Download or read book American Childhoods written by Joseph E. Illick and published by University of Pennsylvania Press. This book was released on 2013-09-04 with total page 231 pages. Available in PDF, EPUB and Kindle. Book excerpt: Selected by Choice magazine as an Outstanding Academic Title The experiences of children in America have long been a source of scholarly fascination and general interest. In American Childhoods, Joseph Illick brings together his own extensive research and a synthesis of literature from a range of disciplines to present the first comprehensive cross-cultural history of childhood in America. Beginning with American Indians, European settlers, and African slaves and their differing perceptions of how children should be raised, American Childhoods moves to the nineteenth century and the rise of industrialization to introduce the offspring of the emerging urban middle and working classes. Illick reveals that while rural and working-class children continued to toil from an early age, as they had in the colonial period, childhood among the urban middle class became recognized as a distinct phase of life, with a continuing emphasis on gender differences. Illick then discusses how the public school system was created in the nineteenth century to assimilate immigrants and discipline all children, and observes its major role in age-grouping children as well as drawing working-class youngsters from factories to classrooms. At the same time, such social problems as juvenile delinquency were confronted by private charities and, ultimately, by the state. Concluding his sweeping study, the author presents the progeny of suburban, inner-city, and rural Americans in the twentieth century, highlighting the growing disparity of opportunities available to children of decaying cities and the booming suburbs. Consistently making connections between economics, psychology, commerce, sociology, and anthropology, American Childhoods is rich with insight into the elusive world of children. Grounded firmly in social and cultural history and written in lucid, accessible prose, the book demonstrates how children's experiences have varied dramatically through time and across space, and how the idea of childhood has meant vastly different things to different groups in American society.
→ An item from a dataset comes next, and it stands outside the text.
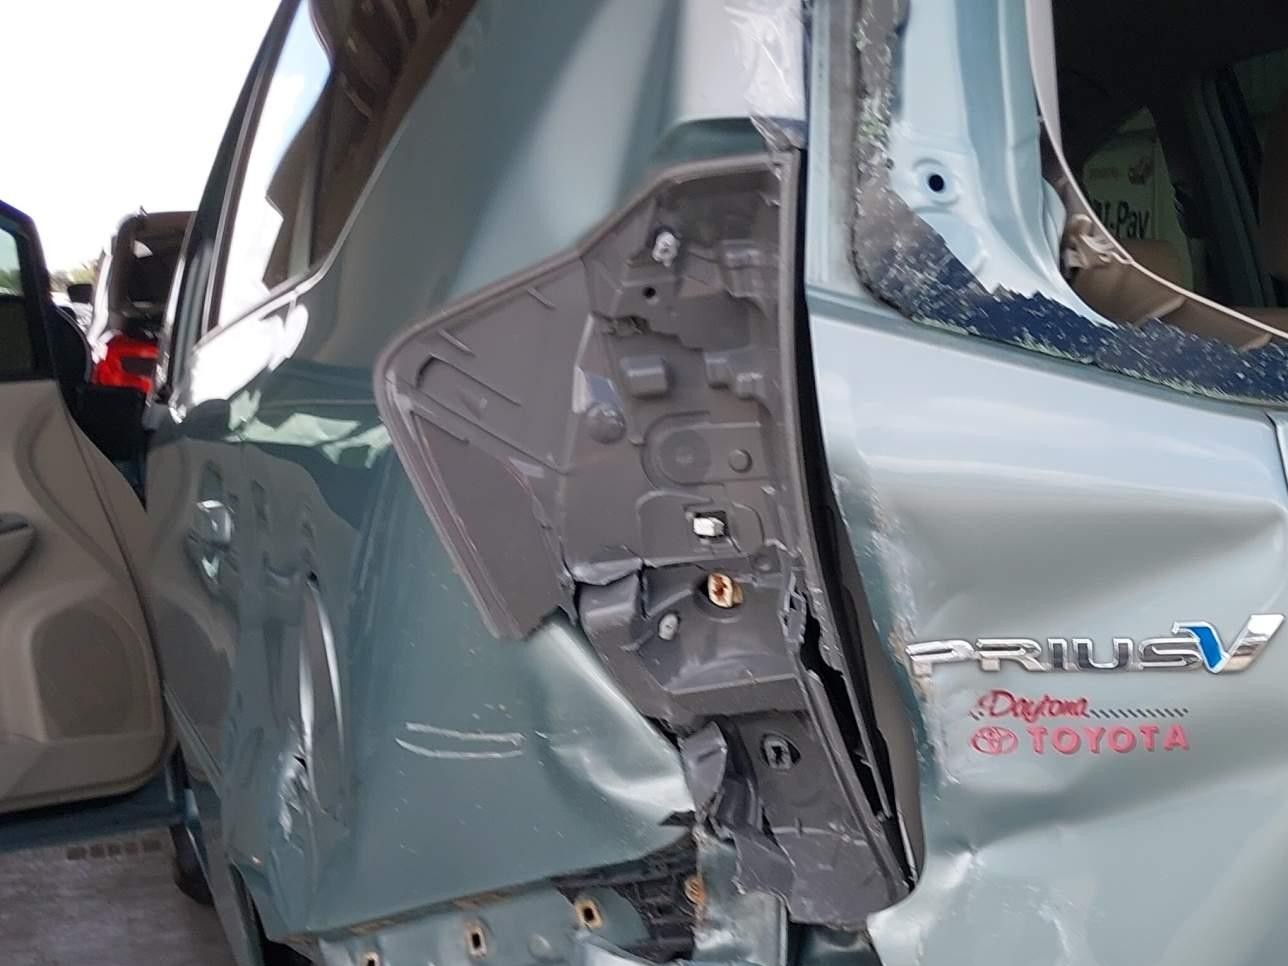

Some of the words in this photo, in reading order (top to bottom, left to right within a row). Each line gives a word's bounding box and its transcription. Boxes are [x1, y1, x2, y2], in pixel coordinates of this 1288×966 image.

[905, 638, 1202, 673] PRIUS
[978, 690, 1089, 722] Daytona
[1027, 726, 1190, 754] TOYOTA
The Global Intercultural Communication Reader

The Global Intercultural Communication Reader
Author :
Publisher : Routledge
Total Pages : 601
Release :
ISBN-10 : 9781135048716
ISBN-13 : 1135048711
Rating : 4/5 (16 Downloads)

Book Synopsis The Global Intercultural Communication Reader by : Molefi Kete Asante

Download or read book The Global Intercultural Communication Reader written by Molefi Kete Asante and published by Routledge. This book was released on 2013-06-26 with total page 601 pages. Available in PDF, EPUB and Kindle. Book excerpt: The Global Intercultural Communication Reader is the first anthology to take a distinctly non-Eurocentric approach to the study of culture and communication. In this expanded second edition, editors Molefi Kete Asante, Yoshitaka Miike, and Jing Yin bring together thirty-two essential readings for students of cross-cultural, intercultural, and international communication. This stand-out collection aims to broaden and deepen the scope of the field by placing an emphasis on diversity, including work from authors across the globe examining the processes and politics of intercultural communication from critical, historical, and indigenous perspectives. The collection covers a wide range of topics: the emergence and evolution of the field; issues and challenges in cross-cultural and intercultural inquiry; cultural wisdom and communication practices in context; identity and intercultural competence in a multicultural society; the effects of globalization; and ethical considerations. Many readings first appeared outside the mainstream Western academy and offer diverse theoretical lenses on culture and communication practices in the world community. Organized into five themed sections for easy classroom use, The Global Intercultural Communication Reader includes a detailed bibliography that will be a crucial resource for today's students of intercultural communication.